Mime-Version: 1.0 (Mac OS X Mail 16.0 \(3776.700.51\))
From: Joe Hildebrand <hildjj@cursive.net>
In-Reply-To: <B6B33BBA-2844-4FBF-B93E-9BC63A76CD47@tzi.org>
Date: Sat, 17 Aug 2024 13:10:02 -0600
Content-Transfer-Encoding: quoted-printable
Message-Id: <D8B4A36A-ADA7-46F0-98CF-4F1DC2AEFEEE@cursive.net>
References: <FFD7DB6F-2313-4A64-B434-110B1C524D0C@cursive.net> <4DDB6F09-D038-4A13-80F3-A4C13F3EF529@tzi.org> <2E46E3B5-6F88-49D0-AD75-10CF611BBFB5@cursive.net> <B6B33BBA-2844-4FBF-B93E-9BC63A76CD47@tzi.org>
To: Carsten Bormann <cabo@tzi.org>, Rohan Mahy <rohan.mahy@gmail.com>
X-Mailer: Apple Mail (2.3776.700.51)
Message-ID-Hash: FV4ZDQZPWZUEMOSXSV2BAQVRBVU63EHC
X-Message-ID-Hash: FV4ZDQZPWZUEMOSXSV2BAQVRBVU63EHC
X-MailFrom: hildjj@cursive.net
X-Mailman-Rule-Misses: dmarc-mitigation; no-senders; approved; emergency; loop; banned-address; member-moderation; header-match-cbor.ietf.org-0; nonmember-moderation; administrivia; implicit-dest; max-recipients; max-size; news-moderation; no-subject; digests; suspicious-header
CC: CBOR <cbor@ietf.org>
X-Mailman-Version: 3.3.9rc4
Precedence: list
Subject: [Cbor] Re: draft-ietf-cbor-edn-literals-10 implementation notes
List-Id: "Concise Binary Object Representation (CBOR)" <cbor.ietf.org>
Archived-At: <https://mailarchive.ietf.org/arch/msg/cbor/Rg_FOPlW3jMqiequfvm4Lcu4DBk>
List-Archive: <https://mailarchive.ietf.org/arch/browse/cbor>
List-Help: <mailto:cbor-request@ietf.org?subject=help>
List-Owner: <mailto:cbor-owner@ietf.org>
List-Post: <mailto:cbor@ietf.org>
List-Subscribe: <mailto:cbor-join@ietf.org>
List-Unsubscribe: <mailto:cbor-leave@ietf.org>

Note to Rohan: look for the part about PR#49.

(elided places where we've come to conclusions)


> On Aug 17, 2024, at 10:58 AM, Carsten Bormann <cabo@tzi.org> wrote:
> 
>>>> - s4.1 It should be an error to mix app-strings and strings, or app-strings of multiple types.  The text at the end of the section starting with "Some of the strings may be app-strings..." is not proscriptive enough.
>>> 
>>> This is a reasonable conclusion when you just look at the set of application-extensions that are in the document, but it breaks down when constructing strings from components that can be described by app-strings (something like a JWT that mixes base64-encoded strings with delimiters such as “.” and “~”).
>>> (The example would need to build the base64-encoded parts using application-oriented literals, for which we don’t have an application-oriented literal — b64 goes the other way around.  I find it quite likely that we’ll have application-oriented literals for JWT and CWT over time.)
>> 
>> Can we at least say that the output type of the app-strings need to be compatible enough to concatenate?
> 
> The last bullet in 4.1 tries to do that.

>> Take your 'f' approach from above; what would f'2' + f'3' mean?
> 
> " • Some of the strings may be app-strings.
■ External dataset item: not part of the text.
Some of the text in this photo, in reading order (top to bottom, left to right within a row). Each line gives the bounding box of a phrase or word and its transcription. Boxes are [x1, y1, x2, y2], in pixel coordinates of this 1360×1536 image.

If the type of the app-string is an actual string, joining of chunked strings occurs as with directly notated strings; otherwise the occurrence of more than one app-string or an app-string together with a directly notated string cannot be processed.”
> 
> I read the answer as “cannot be processed”, which was a way to say “not allowed”.  Wording fixes appreciated.

Maybe after reading G.4 of 8610 several times I think I understand.  However, I feel strongly that all of G.4 needs to be pulled into this document and made more clear, with "+" in the correct places.  I'm willing to help with that effort.
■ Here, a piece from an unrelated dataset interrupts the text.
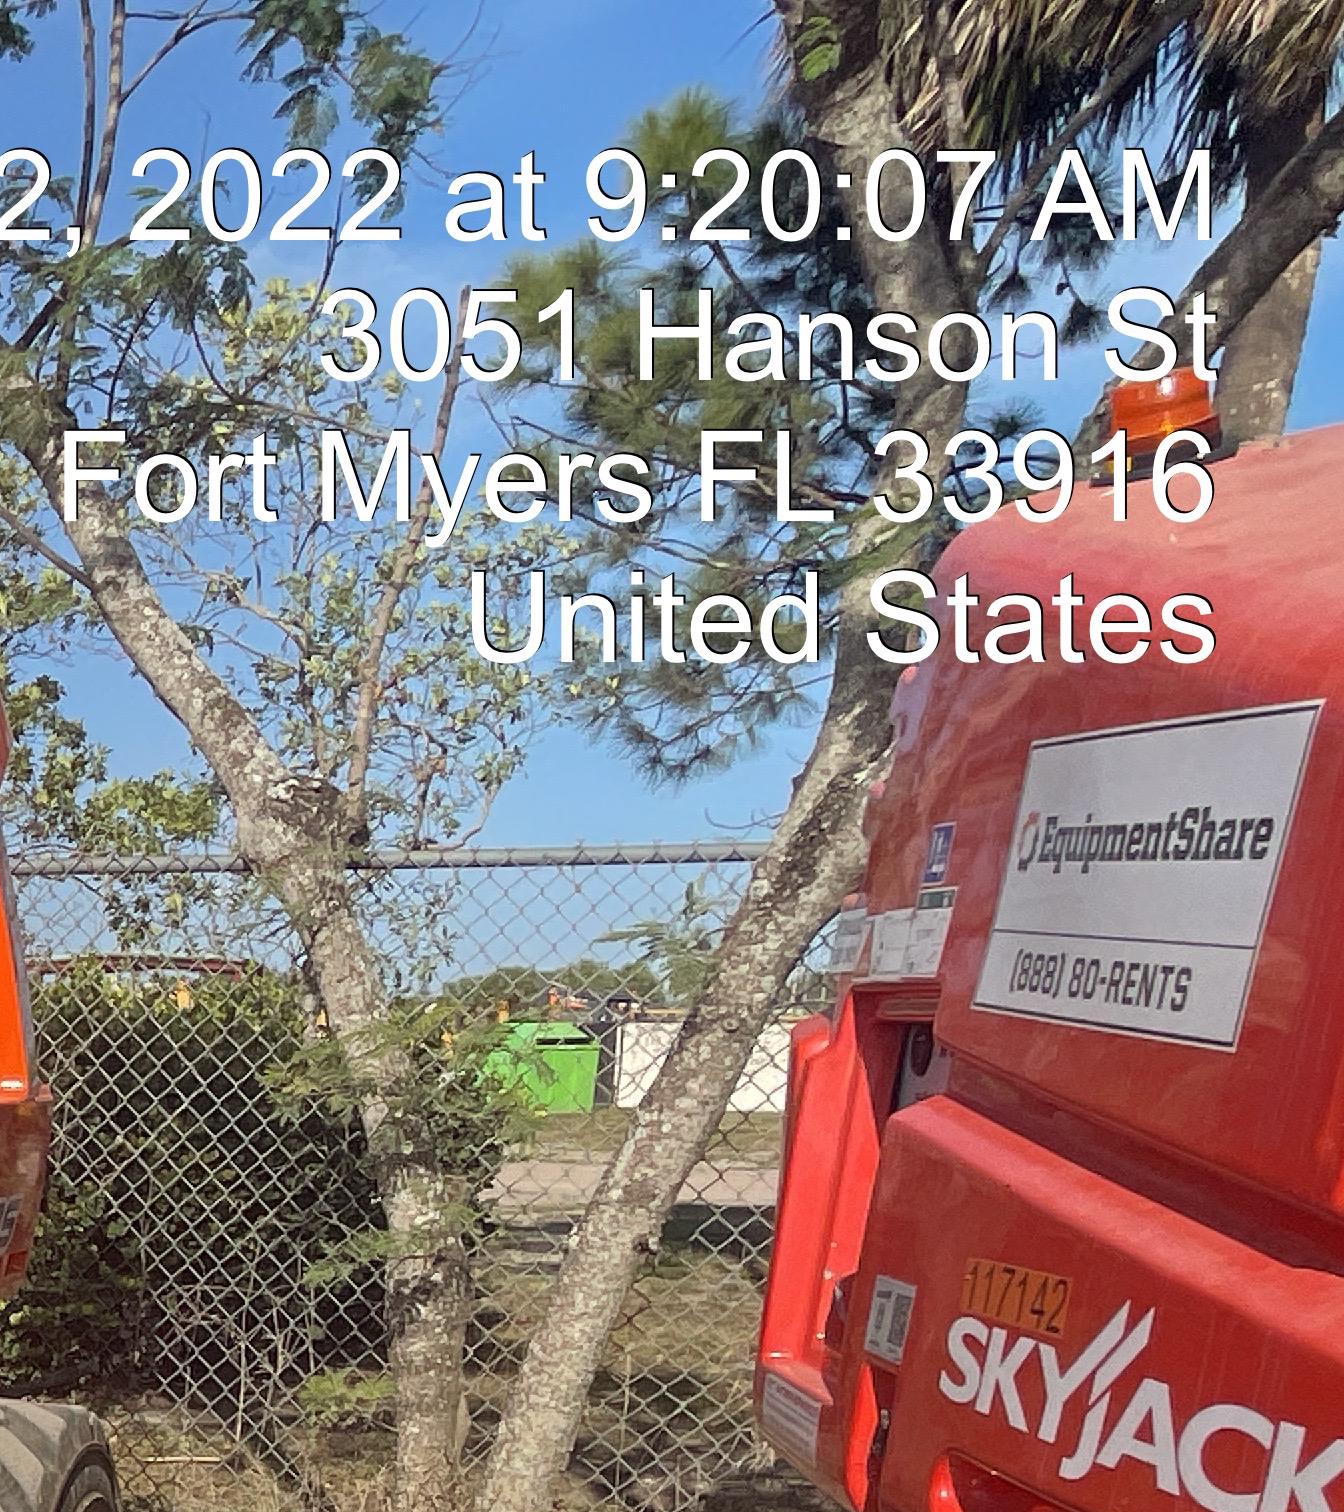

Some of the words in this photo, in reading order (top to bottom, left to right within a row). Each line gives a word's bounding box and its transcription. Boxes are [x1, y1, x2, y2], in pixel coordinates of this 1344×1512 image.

This is an example of why the reliance on extending 8610 does not work for me, since the syntax here has *changed*, it's not being extended.
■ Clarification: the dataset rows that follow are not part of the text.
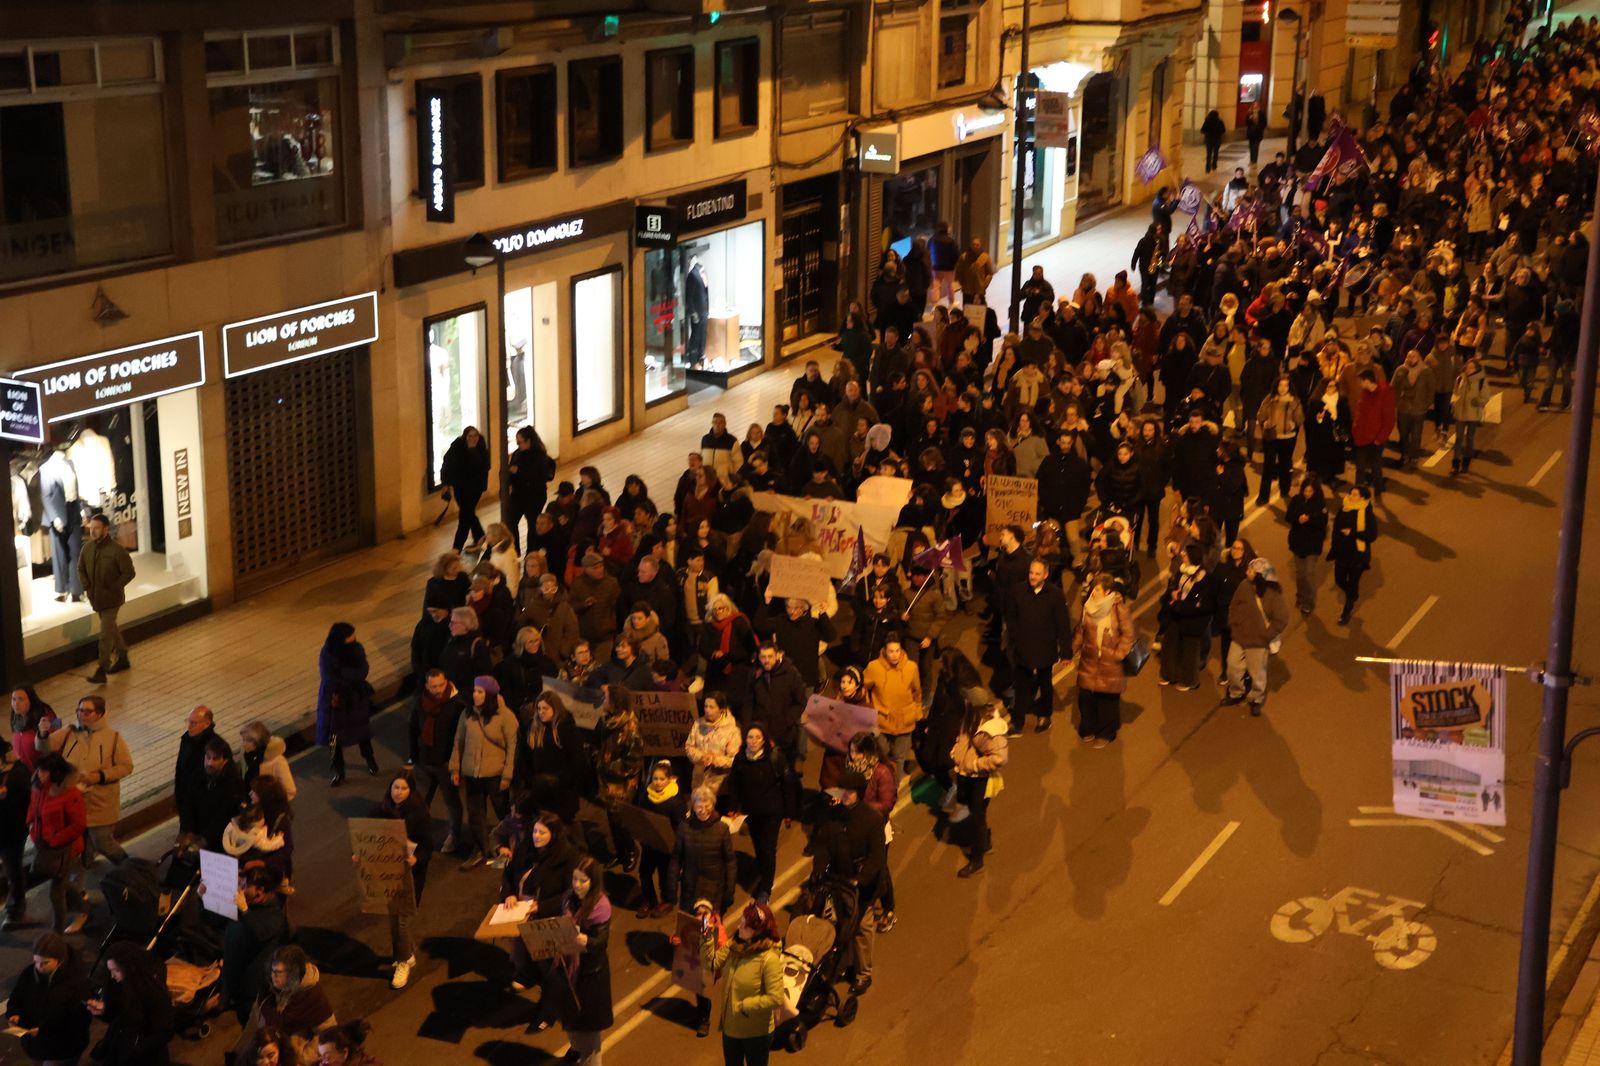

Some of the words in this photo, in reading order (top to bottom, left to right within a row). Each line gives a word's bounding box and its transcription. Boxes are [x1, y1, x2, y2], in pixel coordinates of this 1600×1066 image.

[686, 194, 735, 221] FLORENTINO
[526, 219, 584, 248] DOMINGUEZ
[637, 231, 671, 241] FLORENTINO
[246, 325, 277, 348] LION
[280, 321, 298, 339] OF
[300, 308, 355, 335] PORCHES
[288, 336, 318, 352] LONDON
[43, 371, 81, 396] LION
[84, 364, 108, 386] OF
[110, 350, 177, 380] PORCHES
[7, 389, 28, 402] LION
[95, 381, 132, 400] LONDON
[12, 401, 24, 412] OF
[0, 410, 39, 425] PORCHES
[176, 452, 187, 466] IN
[177, 473, 190, 514] NEW
[648, 693, 661, 705] LA
[1411, 684, 1478, 714] STOCK
[638, 707, 694, 724] VERGÜENZA
>> OK.  It would be nice to have just a few words in this spec about the concatenation, then.  Particularly because the commas are now optional unlike in 8610.
> 
> I would like to avoid the term concatenation, as we are not concatenating data-model level strings here, but we are assembling CBOR sequences (sequences of encoded data items).  This is briefly described in Section 4.2 of RFC 8742; this doesn’t outright extend EDN, but is the basis for allowing seq at the top level of the current ABNF.

8742 is not referenced by this doc.  This doc should have a complete description of at least the semantic notions that an implementor needs to process the ABNF.

>> There's not a *lot* of overhead, but there's enough that it will become noticeable, I think.  Therefore, I'm going to interpolate the app-string grammars into my larger grammar.  I hope I do it in a way that is similar enough to everyone else that it will interoperate and still allow extensibility correctly.  Maybe I'll get it right.
> 
> I think that is the point of the discussion about keeping some of PR # 49 around, either as an alternative (e.g., in an appendix) or as some wiki.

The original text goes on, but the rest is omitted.